Thursday, September 08, 2011
How Do You Say Goodbye?
The dreaded day has passed. The day we hugged our son and wished him good luck, and left him on his own to pursue his passion of guitar and songwriting at The Berklee College of Music in Boston.
Where did the last eighteen years go?
I knew it would be hard to say goodbye. Four years ago we left our daughter amidst my floods of tears and worries and fears that we were just going to be too far away. We weren't. She survived. So did we.
Having gone through this once, I figured I'd be okay. I'd be sad, but I wouldn't be a basket-case.
So much for that theory.
It helps to know I'm not the only one. It helps to know that what I'm feeling is completely normal.
I really enjoyed the talk we were given by one of the professors at Berklee on Sunday.
He said, "There is no right or wrong way to do this."
I'm so glad.
I'm really not that much of an emotional person. Sometimes I cry during movies. Sometimes I cry after finishing a manuscript or getting a rejection letter. But I never cry in public. Not if I can help it.
So what in heck was I doing blubbering down the aisles of Shaw's Market as we shopped for groceries with my son, who's now living in an apartment and will actually have to cook for himself...
Sheesh. Talk about embarrassing.
But there you go. That's how I am. When something's really big, I cry big. For days.
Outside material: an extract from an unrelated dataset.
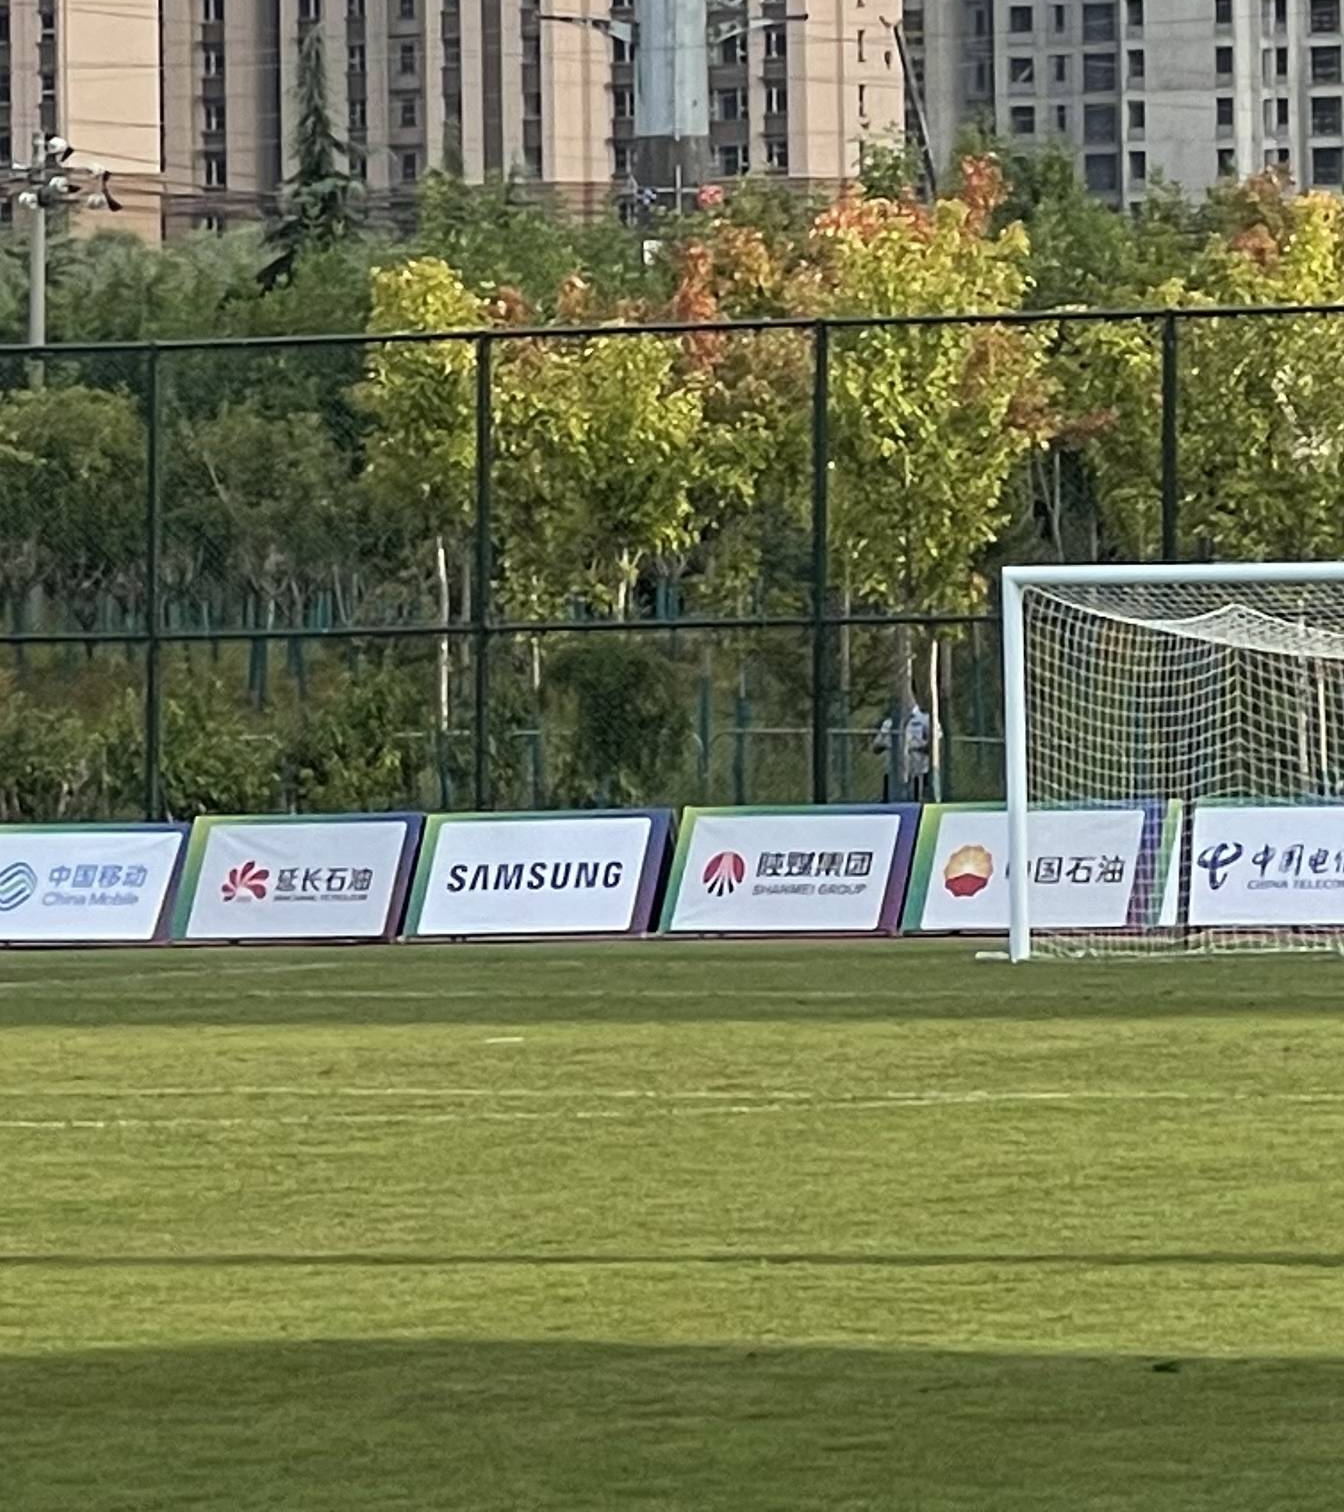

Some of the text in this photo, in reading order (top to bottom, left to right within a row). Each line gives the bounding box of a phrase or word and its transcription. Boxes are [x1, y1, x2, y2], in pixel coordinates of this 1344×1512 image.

[49, 864, 148, 888] 中国移动
[274, 867, 373, 892] 延长石油
[446, 861, 623, 892] SAMSUNG
And now I'm sitting in a really quiet house. It's a strange feeling knowing that one phase of my life is over. No more worrying about kids getting to school on time. No more telling kids to get the heck in bed, it's one a.m. for crying out loud!! No more getting the phone calls in the middle of something really important, asking if I'll drop off money for lunch, or a binder, or a gym bag. (Yeah, I did that. A lot).
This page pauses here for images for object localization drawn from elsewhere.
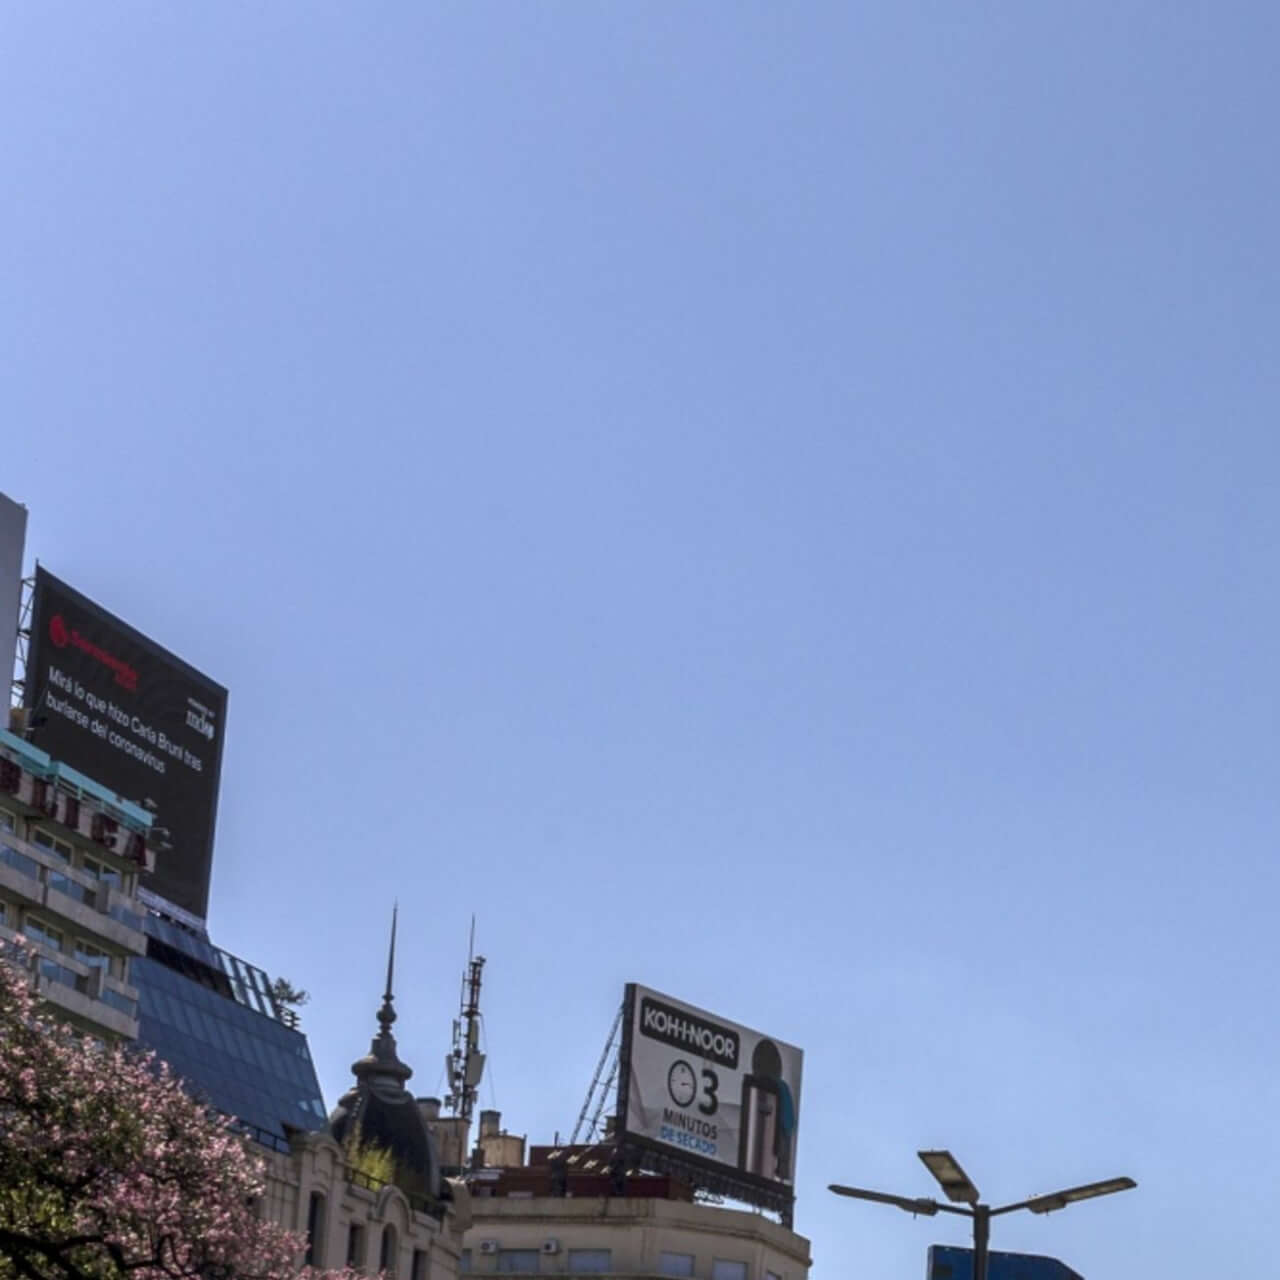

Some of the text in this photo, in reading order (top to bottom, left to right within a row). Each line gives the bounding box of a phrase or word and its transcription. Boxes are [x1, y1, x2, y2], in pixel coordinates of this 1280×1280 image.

[46, 690, 166, 774] burlarse del coronavirus
[49, 665, 73, 693] Mirá
[74, 685, 85, 700] lo
[86, 692, 107, 714] que
[108, 701, 130, 728] hizo
[131, 716, 156, 745] Carla
[158, 732, 183, 761] Bruni
[698, 1069, 719, 1116] 3
[660, 1125, 675, 1143] DE
[663, 1107, 718, 1140] MINUTOS
So now it's time for me. For us. Weird.
I guess I don't like saying goodbye because goodbye means change. And I really hate change.
But I'm old enough to know that there isn't a whole lot I can do about it. Things just don't always stay the same, much as we'd like them to. If they did we'd be bored out of our skulls.
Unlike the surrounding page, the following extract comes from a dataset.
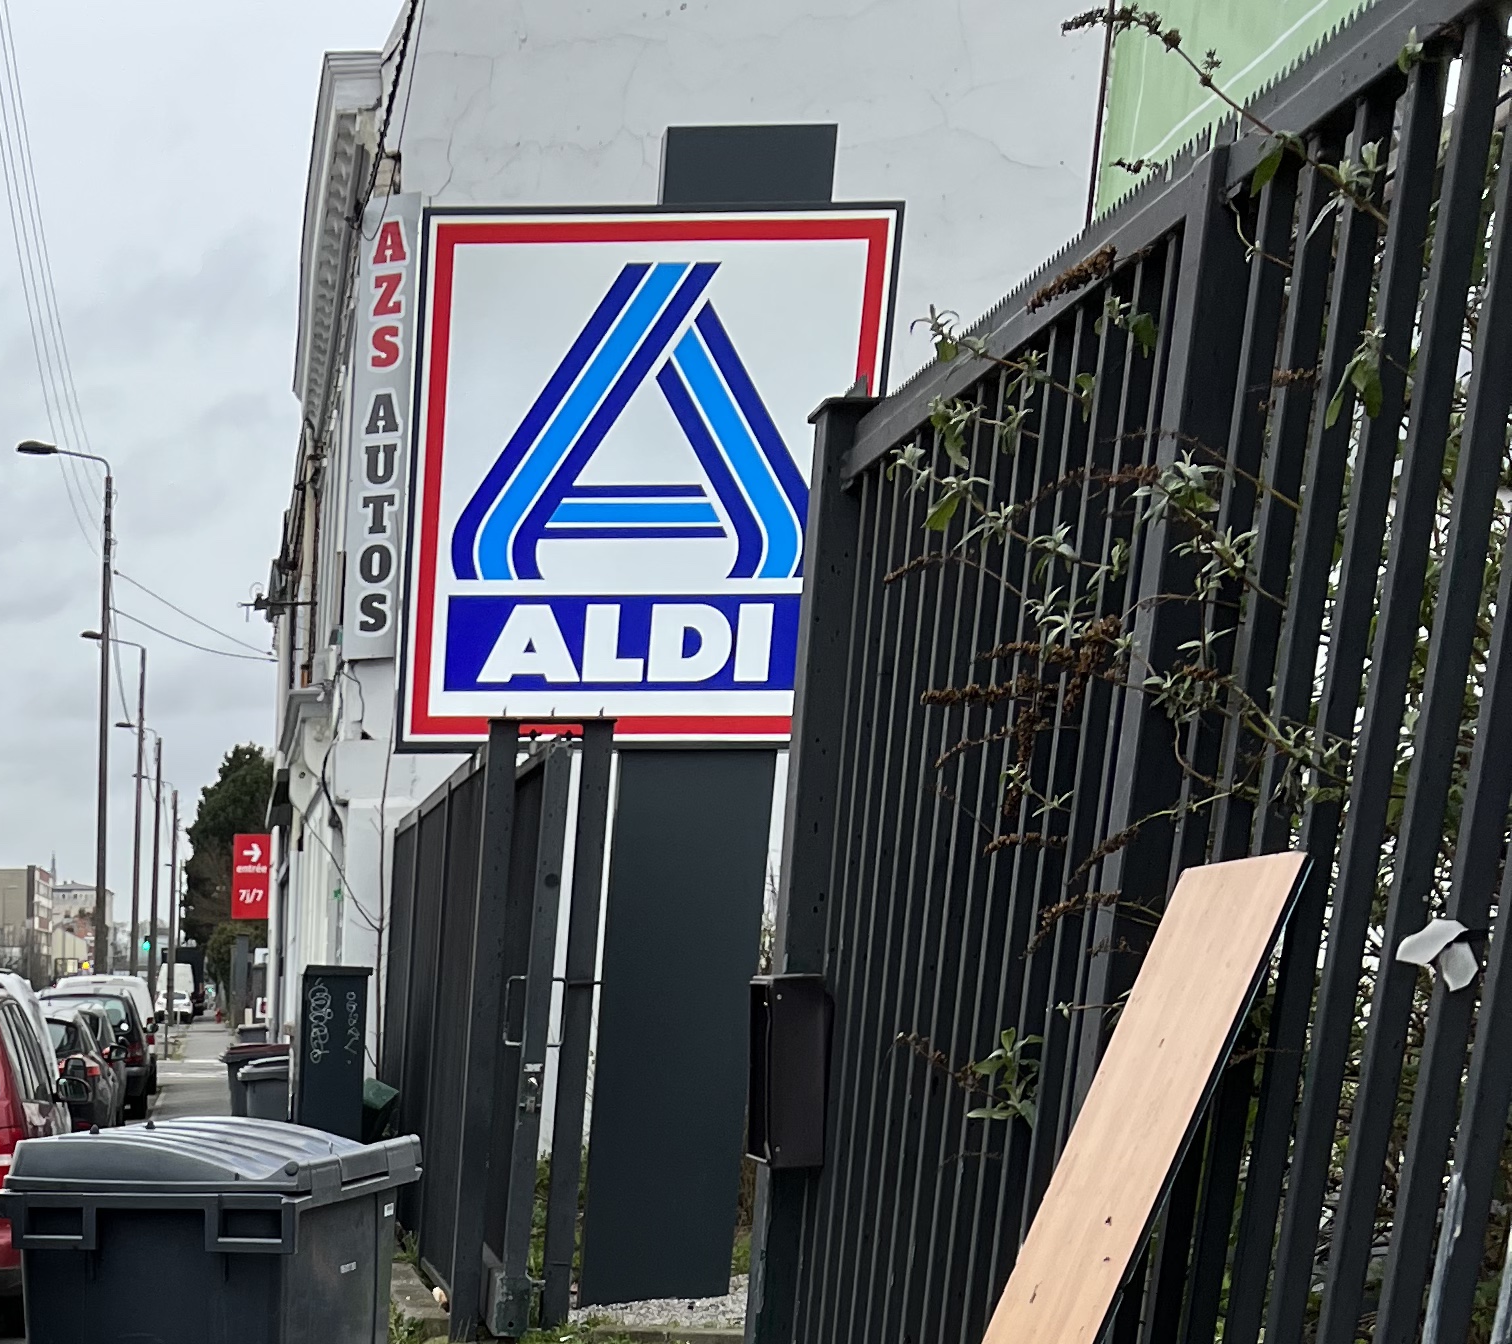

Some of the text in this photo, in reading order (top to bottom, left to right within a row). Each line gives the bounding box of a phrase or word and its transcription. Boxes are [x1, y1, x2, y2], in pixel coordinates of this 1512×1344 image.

[358, 219, 408, 633] AZS AUTOS
[476, 602, 776, 684] ALDI
And sometimes change is good.
I'm pressing through, knowing my kids are exactly where they're meant to be. They're happy. They keep in touch. They still ask for money. And at some point in the year they'll return home for an extended period of time, usually bringing a bunch of friends along for the ride.
It won't stay quiet for too long.
I'm going to enjoy it while I can. But meanwhile, can somebody pass the tissues?